Gilteritinib + Ivosidenib/Enasidenib for Acute Myeloid Leukemia

This trial tests a new drug combination to determine its safety and effectiveness in treating acute myeloid leukemia (AML) that has returned or is unresponsive to treatment. Researchers aim to find the optimal dose of gilteritinib (Xospata) combined with either ivosidenib (Tibsovo) or enasidenib (Idhifa) that minimizes side effects. This trial targets individuals with AML who have specific gene mutations in FLT3 and IDH1 or IDH2, confirmed by testing. Those with AML unresponsive to previous treatments and possessing these gene mutations may find this trial suitable. As a Phase 1 trial, the research focuses on understanding how the treatment works in people, offering participants the opportunity to be among the first to receive this new combination therapy.

The trial information does not specify if you need to stop taking your current medications. It's best to discuss this with the study team or your doctor.

Research shows that gilteritinib, when used alone, is generally easy for patients to handle. In a study with 319 patients who had relapsed or hard-to-treat acute myeloid leukemia (AML), gilteritinib demonstrated a manageable safety profile. Patients experienced some side effects, but these were often mild and manageable. Similarly, enasidenib, a drug targeting specific gene mutations, has succeeded in patients with those mutations, showing good results.

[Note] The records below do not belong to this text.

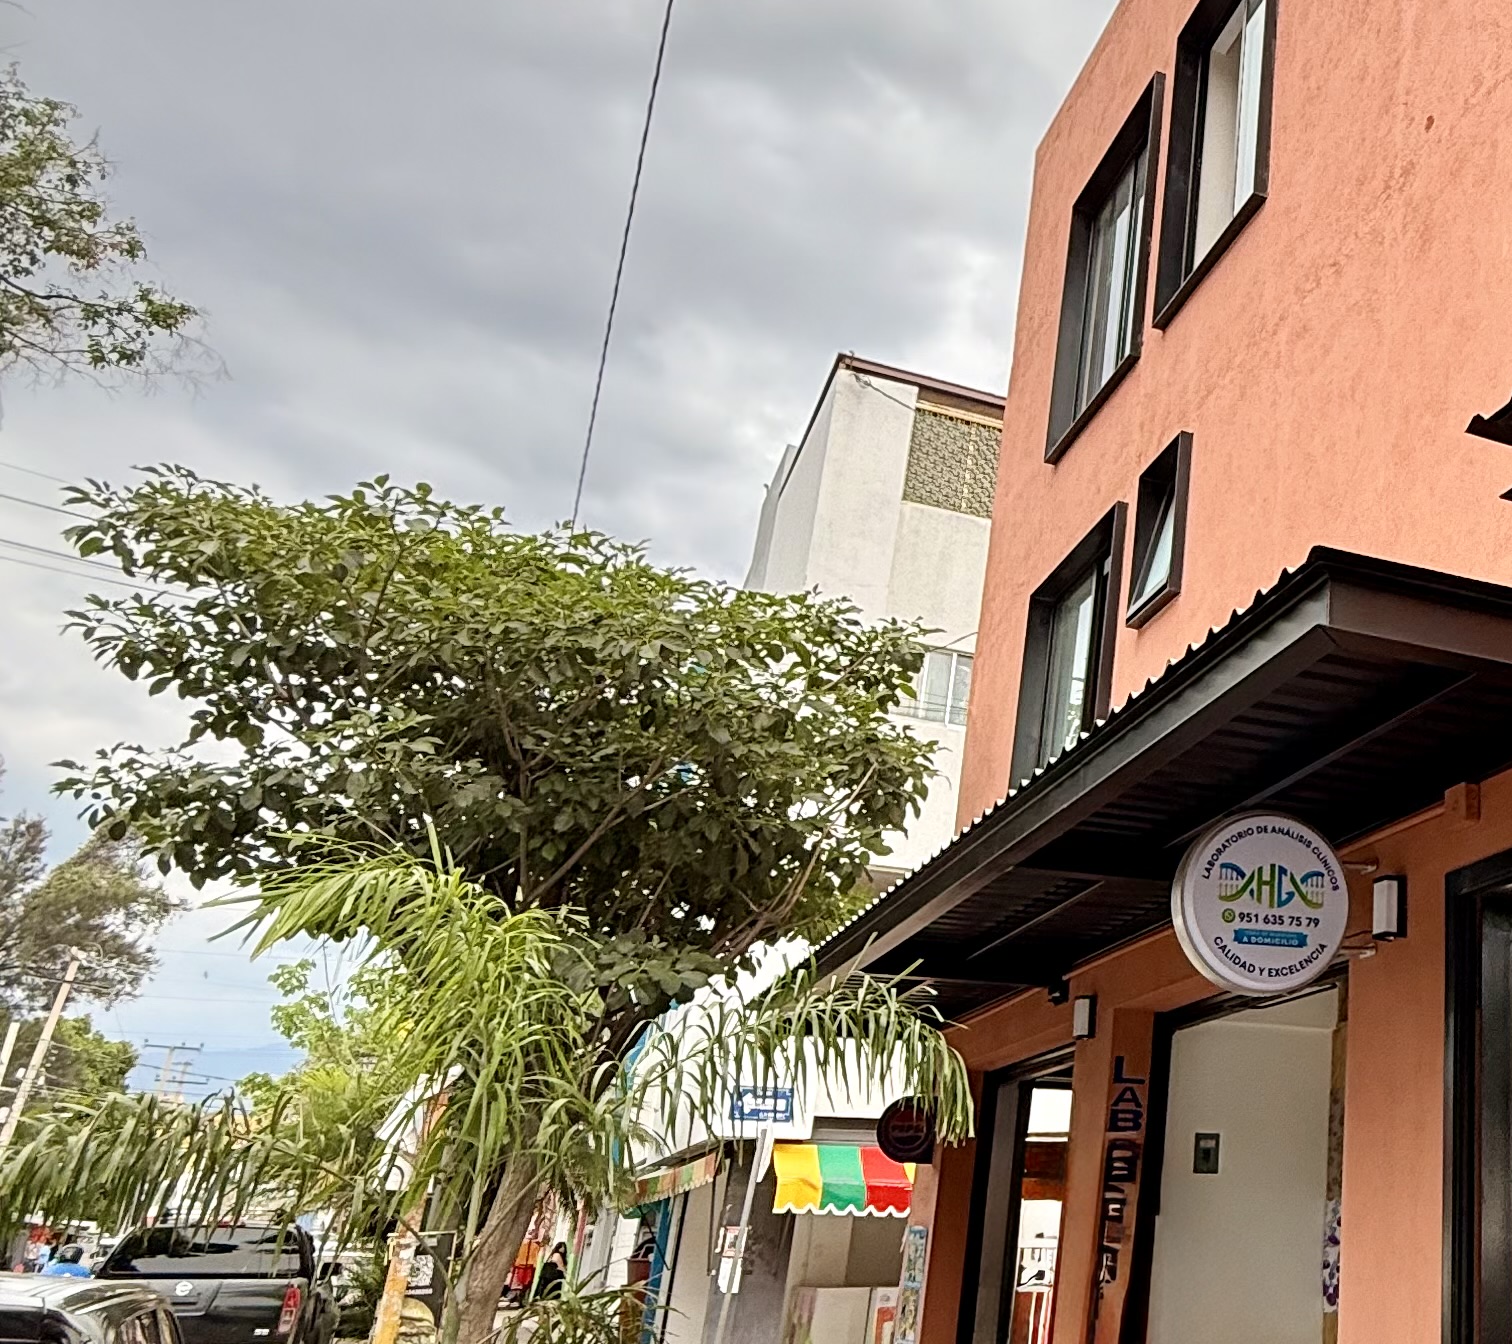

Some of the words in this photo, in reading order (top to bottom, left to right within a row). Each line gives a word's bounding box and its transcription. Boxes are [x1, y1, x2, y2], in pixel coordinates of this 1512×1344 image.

[1202, 827, 1255, 880] LABORATORIO
[1256, 825, 1269, 835] DE
[1270, 826, 1313, 849] ANÁLISIS
[1311, 846, 1340, 892] CLÍNICOS
[1238, 912, 1259, 924] 951
[1263, 914, 1285, 926] 635
[1288, 915, 1303, 927] 75
[1305, 917, 1320, 929] 79
[1250, 936, 1299, 946] DOMICILIO
[1213, 936, 1256, 973] CALIDAD
[1258, 966, 1267, 977] Y
[1267, 942, 1328, 977] EXCELENCIA

For ivosidenib, another drug targeting similar gene mutations, studies have shown it works well when combined with gilteritinib. The safety information for ivosidenib also suggests it is generally easy for patients to handle, with side effects similar to those seen with enasidenib.

Researchers are excited about the combination treatments of gilteritinib with ivosidenib or enasidenib for Acute Myeloid Leukemia (AML) because they target cancer in a novel way. Most standard AML treatments, like chemotherapy, focus on eliminating rapidly dividing cells, which can affect healthy cells too. However, gilteritinib targets specific mutations in the FLT3 gene, while ivosidenib and enasidenib target IDH1 and IDH2 mutations, respectively. This precision approach could potentially reduce side effects and improve outcomes by directly interrupting cancer cell growth pathways, offering a more tailored and effective treatment option for patients with these mutations.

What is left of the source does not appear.